WHAT YOU WILL DO =>
In the copy, include every record below exactly as it appears, but no pictures.

DATA SECTION =>
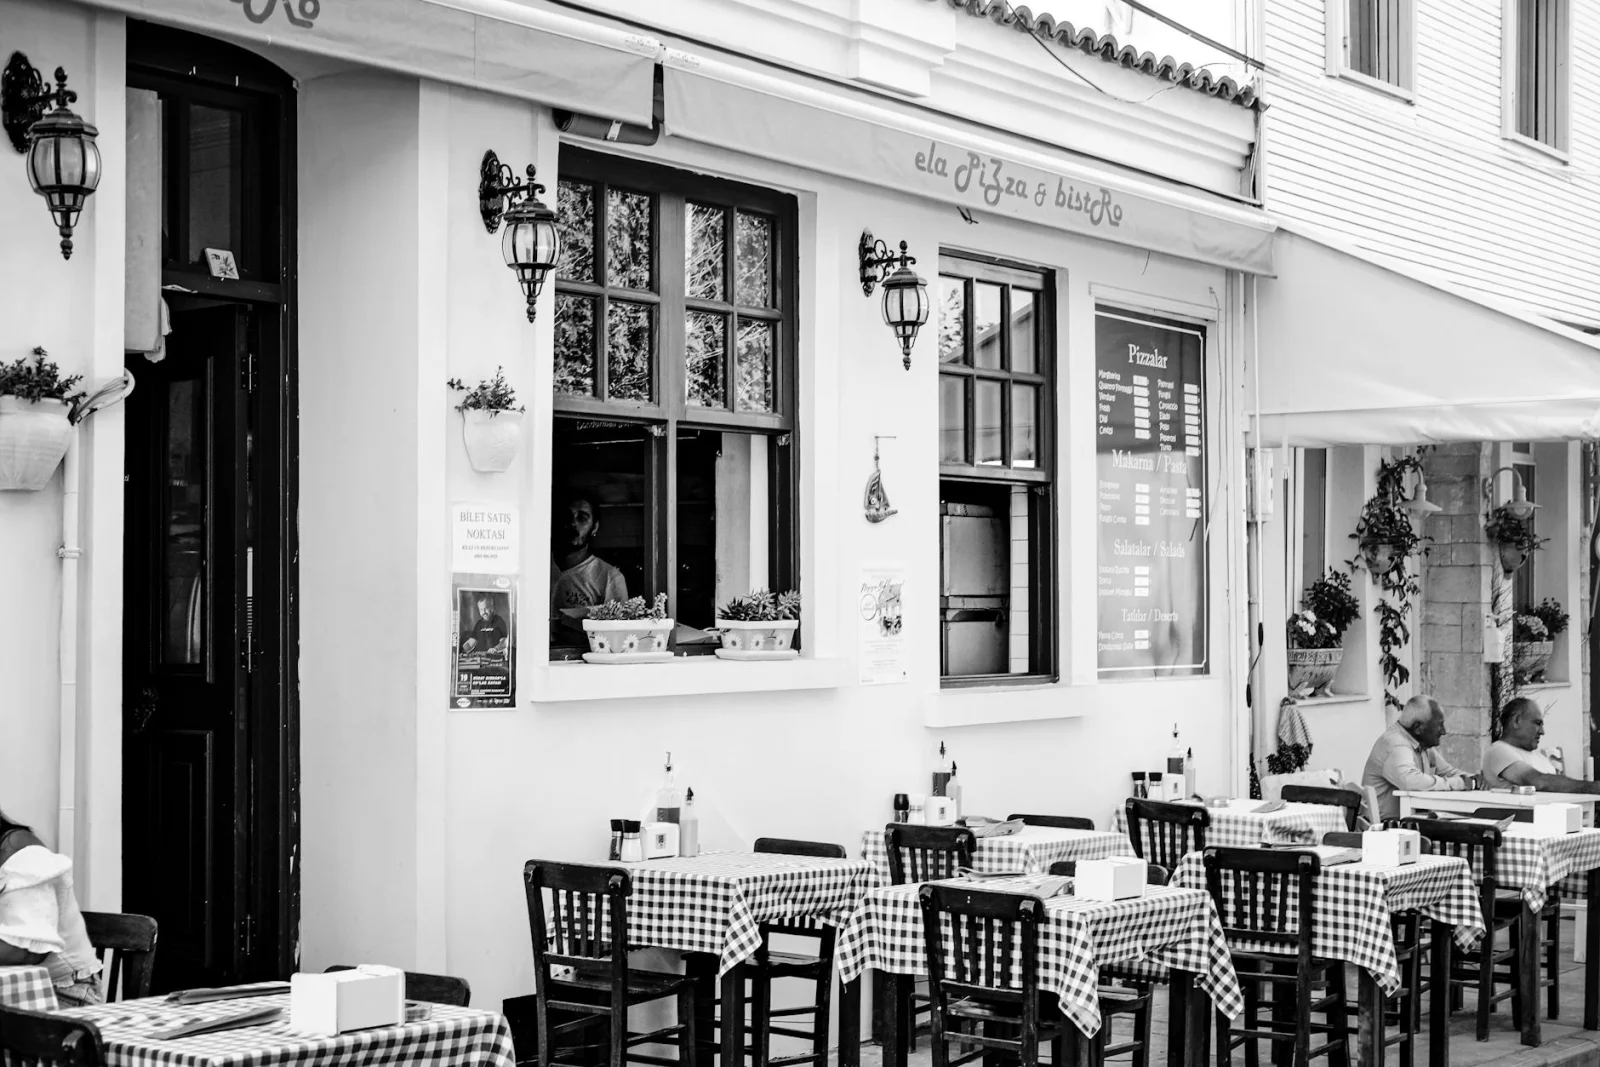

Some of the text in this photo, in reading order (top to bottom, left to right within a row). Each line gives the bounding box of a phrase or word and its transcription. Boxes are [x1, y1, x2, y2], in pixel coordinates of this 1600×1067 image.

[915, 141, 948, 178] ela
[1128, 343, 1168, 369] Pizzalar
[1112, 449, 1154, 471] Makarna
[1164, 454, 1188, 475] Pasta
[466, 528, 505, 540] NOKTASI
[1114, 538, 1151, 557] Salatalar
[1160, 540, 1186, 558] Salads
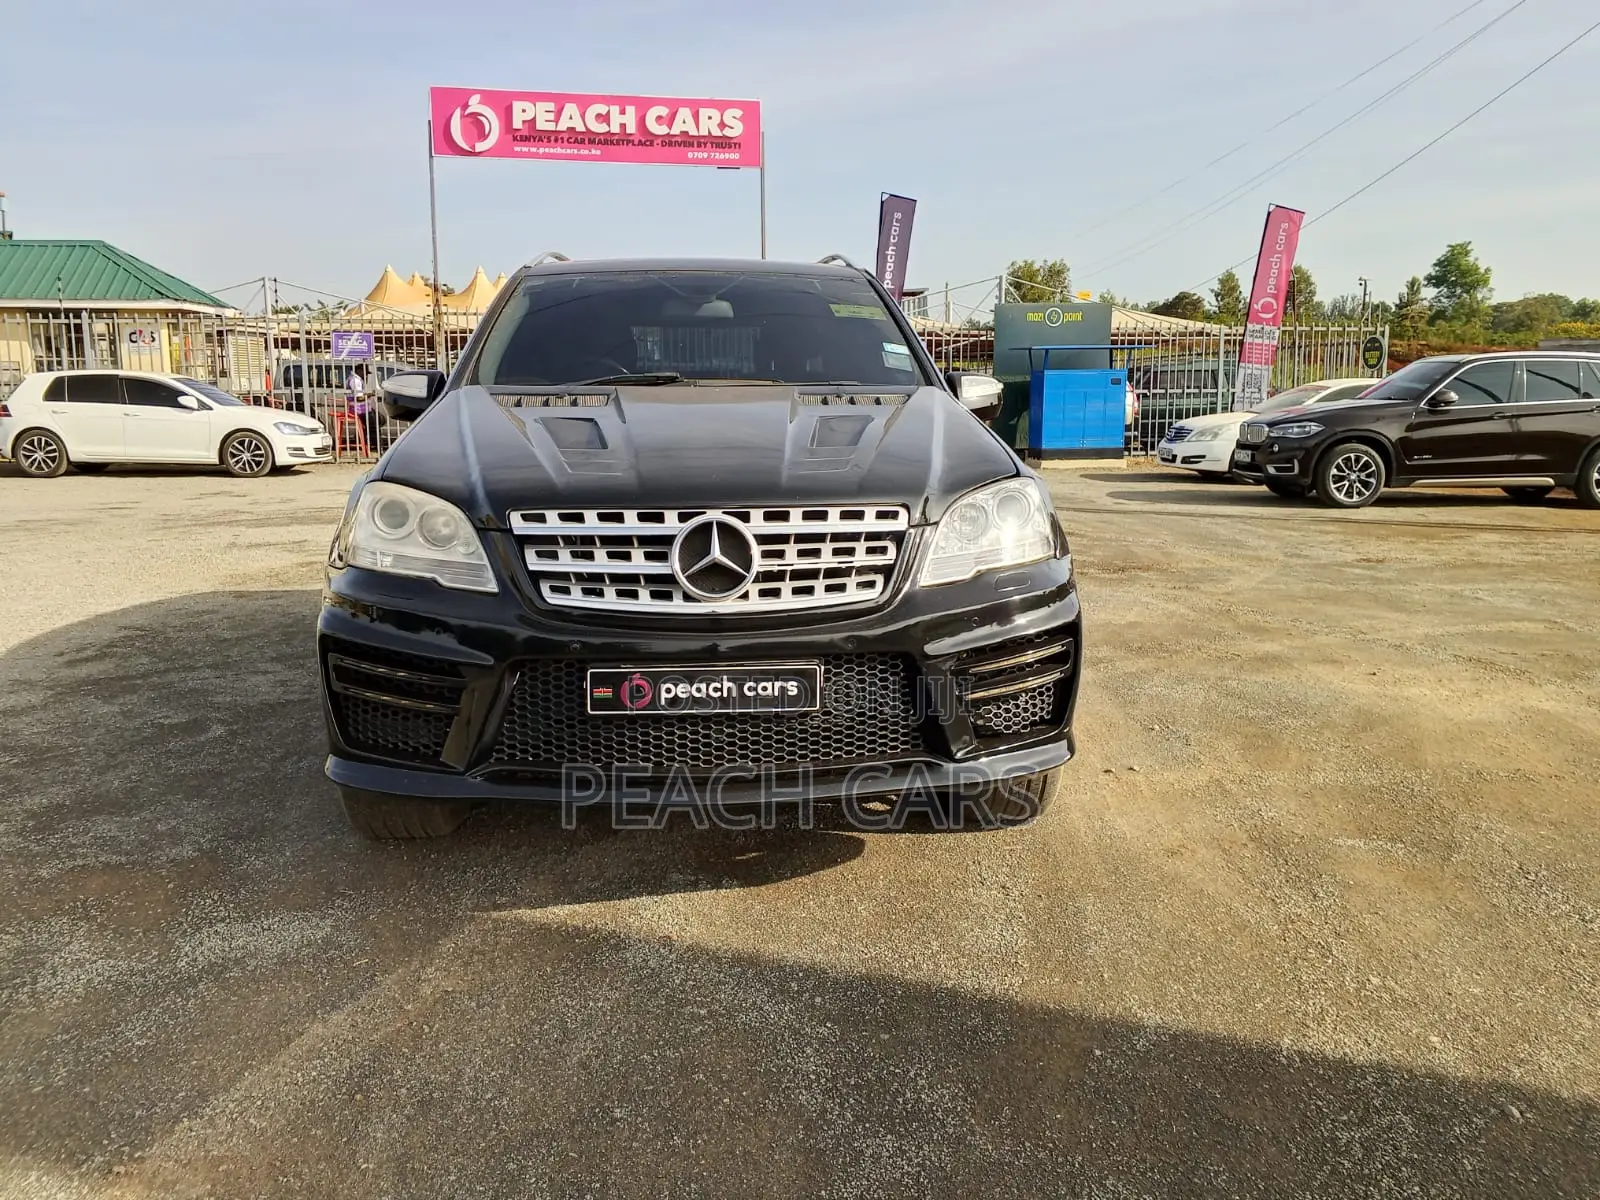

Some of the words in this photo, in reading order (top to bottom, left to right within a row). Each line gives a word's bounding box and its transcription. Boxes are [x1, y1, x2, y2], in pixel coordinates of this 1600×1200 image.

[511, 100, 636, 135] PEACH
[645, 105, 744, 138] CARS
[512, 134, 552, 144] KENYA'S
[566, 137, 586, 146] CAR
[587, 137, 655, 148] MARKETPLACE
[660, 140, 695, 149] DRIVEN
[696, 140, 709, 149] BY
[687, 151, 709, 159] 0709
[883, 245, 897, 289] peach
[890, 211, 902, 243] cars
[1266, 253, 1282, 295] peach
[1275, 222, 1289, 251] cars
[660, 675, 737, 706] peach
[743, 679, 798, 698] cars

WRITTEN SOLUTION =>
Some of the text in this photo, in reading order (top to bottom, left to right within a row). Each line gives the bounding box of a phrase or word and its transcription. Boxes are [x1, y1, x2, y2], in pixel coordinates of this 1600×1067 image.

[915, 141, 948, 178] ela
[1128, 343, 1168, 369] Pizzalar
[1112, 449, 1154, 471] Makarna
[1164, 454, 1188, 475] Pasta
[466, 528, 505, 540] NOKTASI
[1114, 538, 1151, 557] Salatalar
[1160, 540, 1186, 558] Salads

Some of the words in this photo, in reading order (top to bottom, left to right within a row). Each line gives a word's bounding box and its transcription. Boxes are [x1, y1, x2, y2], in pixel coordinates of this 1600×1200 image.

[511, 100, 636, 135] PEACH
[645, 105, 744, 138] CARS
[512, 134, 552, 144] KENYA'S
[566, 137, 586, 146] CAR
[587, 137, 655, 148] MARKETPLACE
[660, 140, 695, 149] DRIVEN
[696, 140, 709, 149] BY
[687, 151, 709, 159] 0709
[883, 245, 897, 289] peach
[890, 211, 902, 243] cars
[1266, 253, 1282, 295] peach
[1275, 222, 1289, 251] cars
[660, 675, 737, 706] peach
[743, 679, 798, 698] cars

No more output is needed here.